Es grünt so grün im Kabinett
Klimaschutzprogramm Ein Verbot von Plastiktüten, Millionen neuer Bäume und mehr Windenergie – das bayerische Kabinett will ein „Signal für die Umwelt setzen“
München Ein lauschiges Plätzchen hatte Ministerpräsident Markus Söder (CSU) für die letzte Sitzung seiner Minister-Runde vor der Sommerpause ausgesucht: Im Schatten der Platanen gleich hinter der Staatskanzlei im Münchner Hofgarten hatte das Kabinett rund um einen langen Tisch auf Holzbänken Platz genommen, um unter Beobachtung zahlreicher Touristen mehr als zwei Stunden lang bayerische Maßnahmen gegen den Klimawandel zu diskutieren. Schließlich sei der Klimaschutz „ein Projekt für alle“, erklärte Söder hinterher. Da kann etwas Öffentlichkeit nicht schaden. Die hübschen Bilder für die zahlreichen Fotografen und Fernsehkameras dürften Söder allerdings auch nicht gestört haben.
Was zumindest aus der Ferne aussah wie ein gemütliches Picknick im Freien, sei ein ernsthaftes Ringen die richtigen Antworten auf ein politisches Megathema gewesen, beteuerte der Regierungschef. Schließlich sei „die Bewahrung der Schöpfung ein sehr bayerisches Konzept“– und Wachstum und Fortschritt im Freistaat stets auch „mit der Bewahrung der Heimat verbunden“.

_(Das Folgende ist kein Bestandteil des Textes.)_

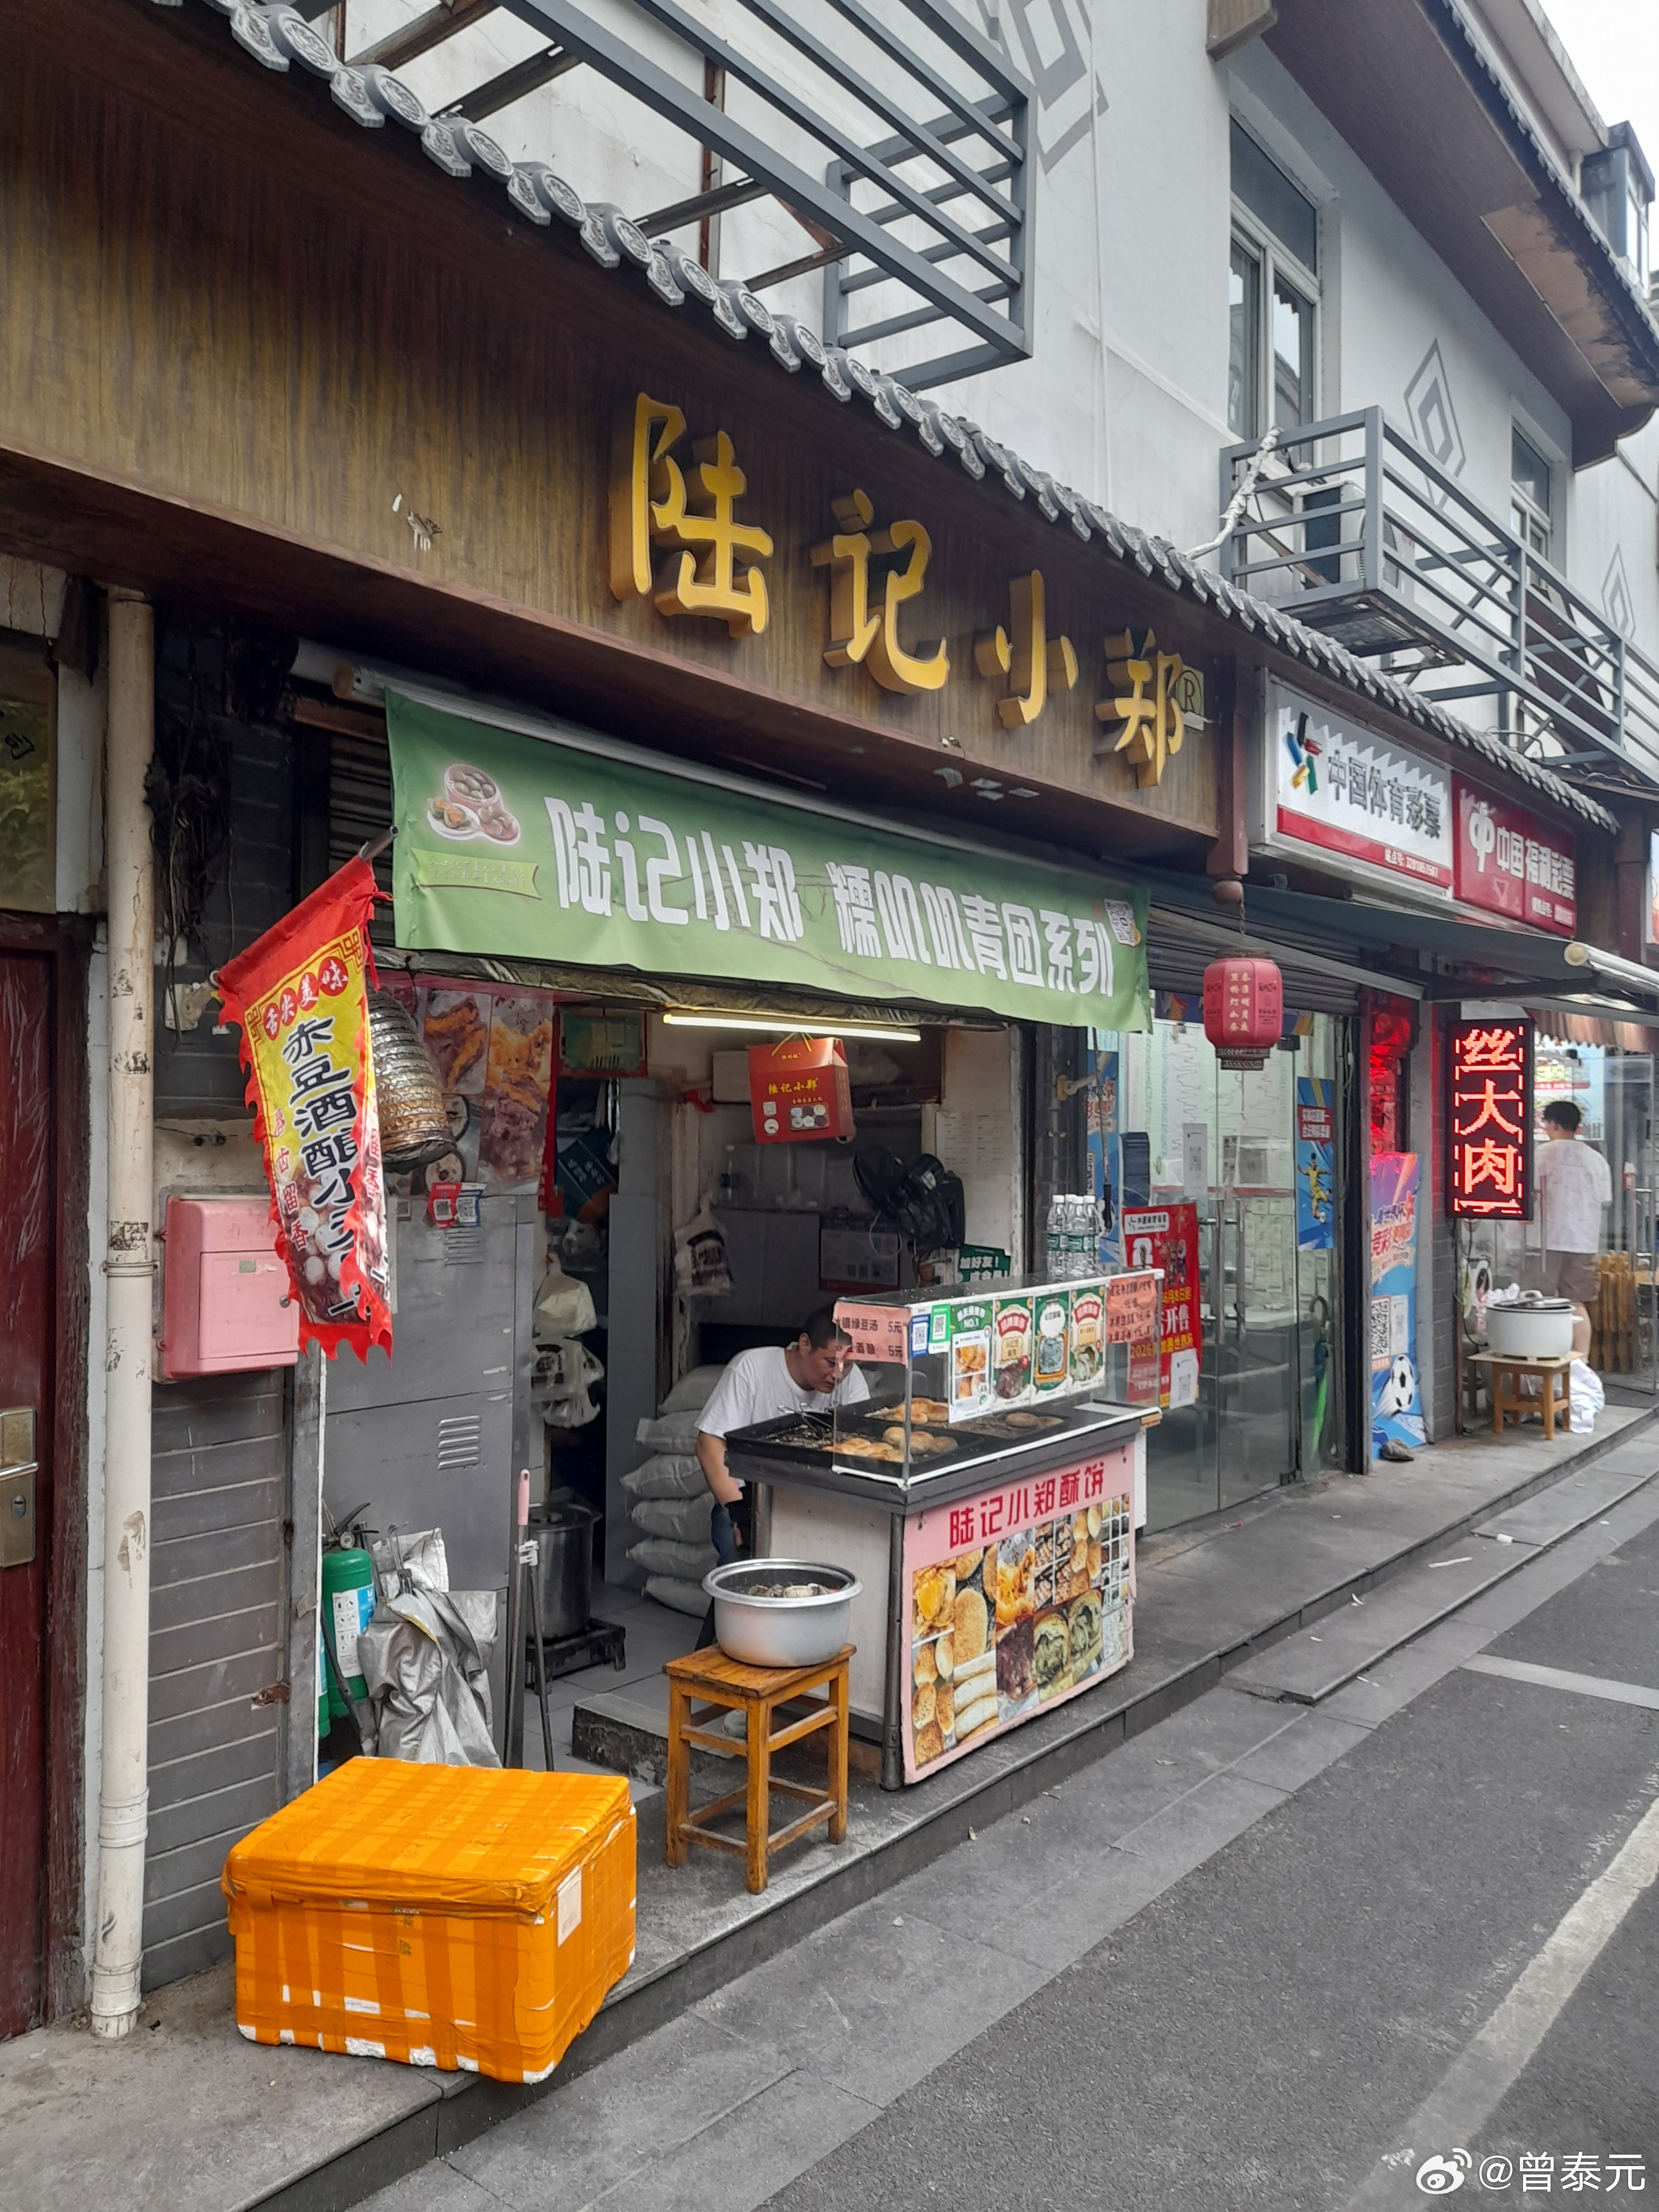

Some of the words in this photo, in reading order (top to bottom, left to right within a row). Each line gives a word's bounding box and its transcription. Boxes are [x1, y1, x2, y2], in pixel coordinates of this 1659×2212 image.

[632, 392, 1184, 787] 陆记小郑
[1328, 749, 1441, 839] 中国体育彩票
[544, 796, 804, 942] 陆记小郑
[825, 861, 1114, 998] 糯叽叽青团系列
[1496, 826, 1574, 901] 中国福利彩票
[265, 959, 348, 1036] 舌尖美味
[1459, 1027, 1522, 1214] 丝大肉
[274, 1108, 309, 1252] 唇齿留香
[836, 1316, 878, 1332] 镇绿豆汤
[949, 1462, 1104, 1549] 陆记小郑酥饼
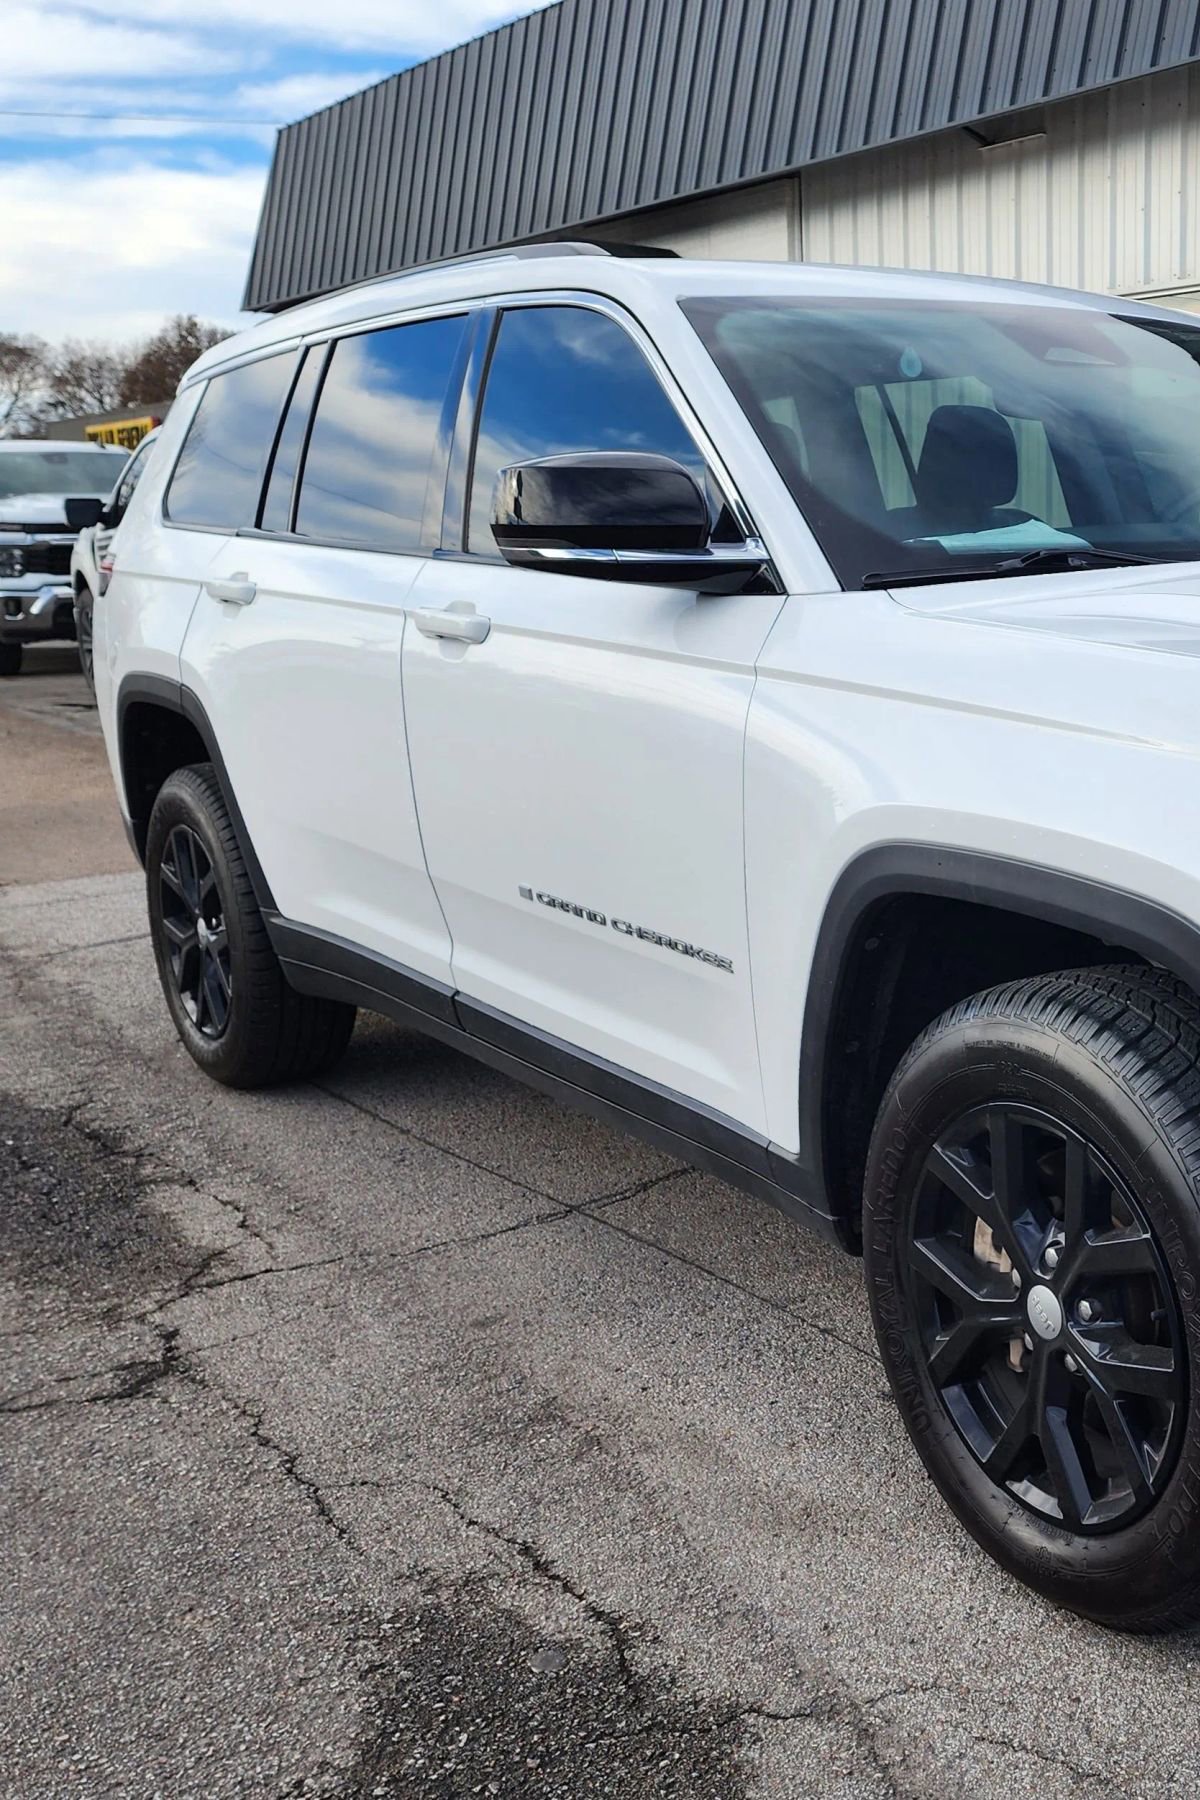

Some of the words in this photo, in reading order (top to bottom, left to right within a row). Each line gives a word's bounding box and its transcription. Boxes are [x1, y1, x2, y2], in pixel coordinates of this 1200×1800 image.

[536, 891, 607, 927] GRAND
[610, 917, 735, 974] CHEROKEE
[874, 1268, 932, 1436] UNIROYAL
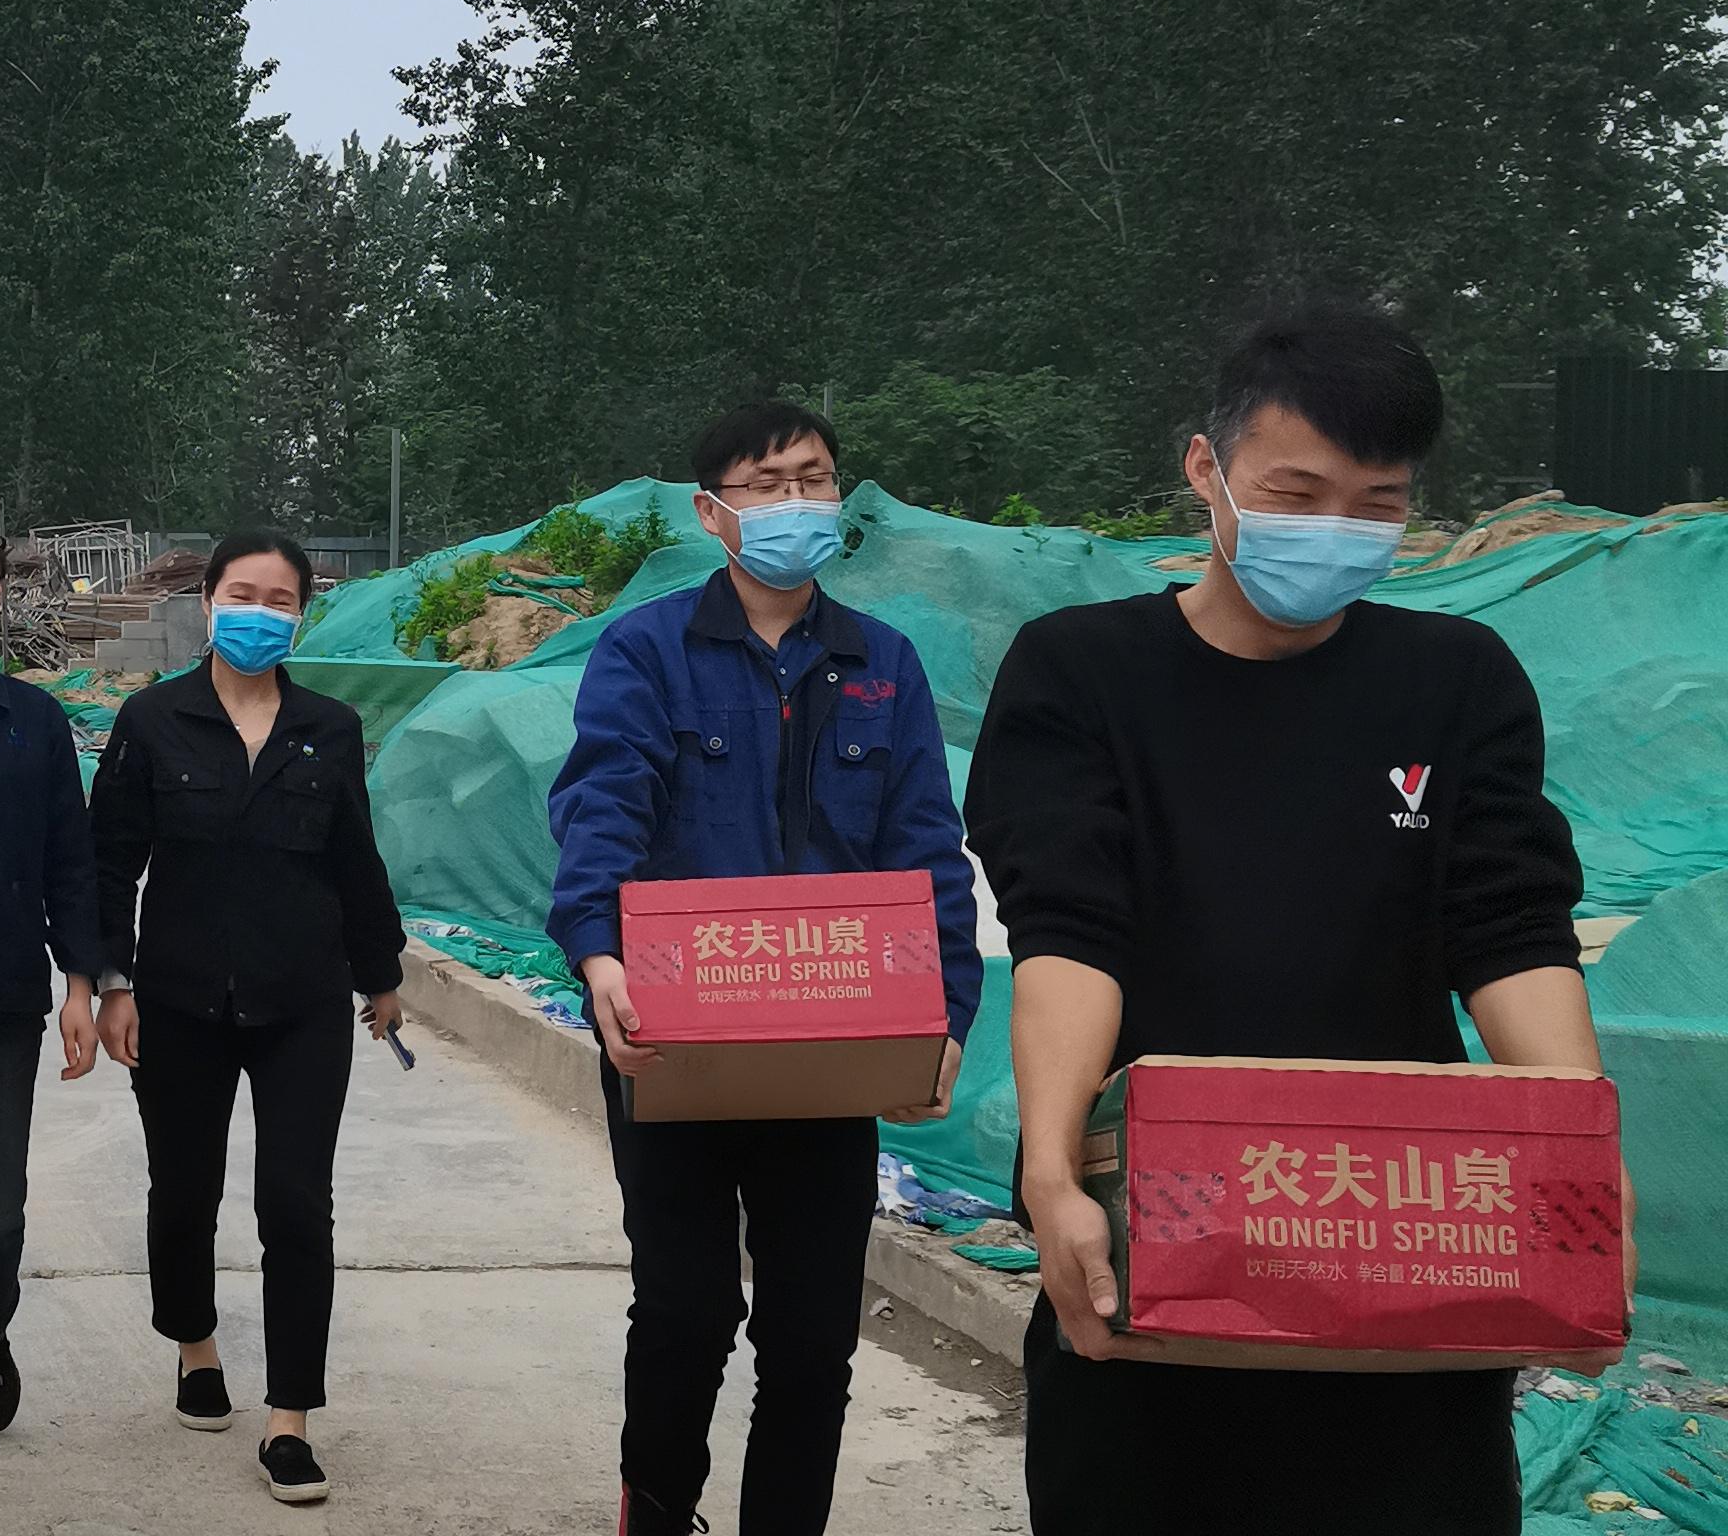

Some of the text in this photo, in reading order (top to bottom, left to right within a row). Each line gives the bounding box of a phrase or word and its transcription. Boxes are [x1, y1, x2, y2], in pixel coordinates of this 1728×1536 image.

Die als externe Experten geladenen Wissenschaftler des bayerischen „Klimarates“um den aus dem Fernsehen bekannten Professor Harald Lesch hätten zudem die Dringlichkeit effektiver Klimapolitik sehr eindrucksvoll auf einem Bierdeckel zusammengefasst, berichtete Söder: „Wir müssen jetzt handeln, sonst droht der Klimainfarkt“, lautete sein Fazit.
Söder wäre aber nicht Söder, wenn er seinem bayerischen Maßnahmenpaket nicht auch gleich noch ein paar eindrucksvolle Überschriften geben würde: Gar ein „Jahrhundertvertrag“müsse die bayerische Klimastrategie werden, die seine Regierung im Herbst beschließen werde. Zum „Pionierland“für „Cleantech“– also saubere Technik – werde er Bayern machen. Auch werde der Freistaat die erste „klimaneutrale Staatsverwaltung“bekommen. Gelingen soll dies unter anderem durch einen überparteilichen Schulterschluss für ein Klimaschutzziel in der Verfassung: „Wir brauchen hier nationale Verantwortung“, findet Söder. Für den Wahlkampf sei das Thema, das den Grünen zuletzt ungeahnte Höhenflüge bescherte, jedenfalls denkbar ungeeignet, erklärte er.
„Am Ende des Tages sind es konkrete Maßnahmen, die den Klimaschutz in die Fläche bringen“, bremste Umweltminister Thorsten Glauber (Freie Wähler) Söders Überschwang. „Freiwilligkeit vor Verboten“soll dabei als eiserner Grundsatz gelten: So sollen künftig etwa private Solaranlagen statt neuum en Ölheizungen gefördert werden. Im Staatswald sollen hundert neue Windräder entstehen. Der Freistaat will künftig auf Plastiktüten, Einweggeschirr und sogar Plastikhüllen für Dokumente verzichten und die Kommunen mittels „freiwilliger Selbstverpflichtung“auf denselben Kurs einschwören. Der Staatswald soll mit neuen Baumarten „klimafest“gemacht werden. Privatwaldbesitzer sollen mit neuen Förderprogrammen diesem Kurs folgen. Denn „Fichten und Buchen werden in dieser Form nicht mehr bestehen“, warnt Forstministerin Michaela Kaniber (CSU): „Wir müssen noch schneller sein als der Klimawandel.“
Viel „Geklapper“, aber zu wenig Konkretes enthalte Söders hübsch verpacktes Klimaprogramm, kritisierte Grünen-Fraktionschef Ludwig Hartmann: Eine echte Mobilitätsund Energiewende sei so nicht zu erreichen.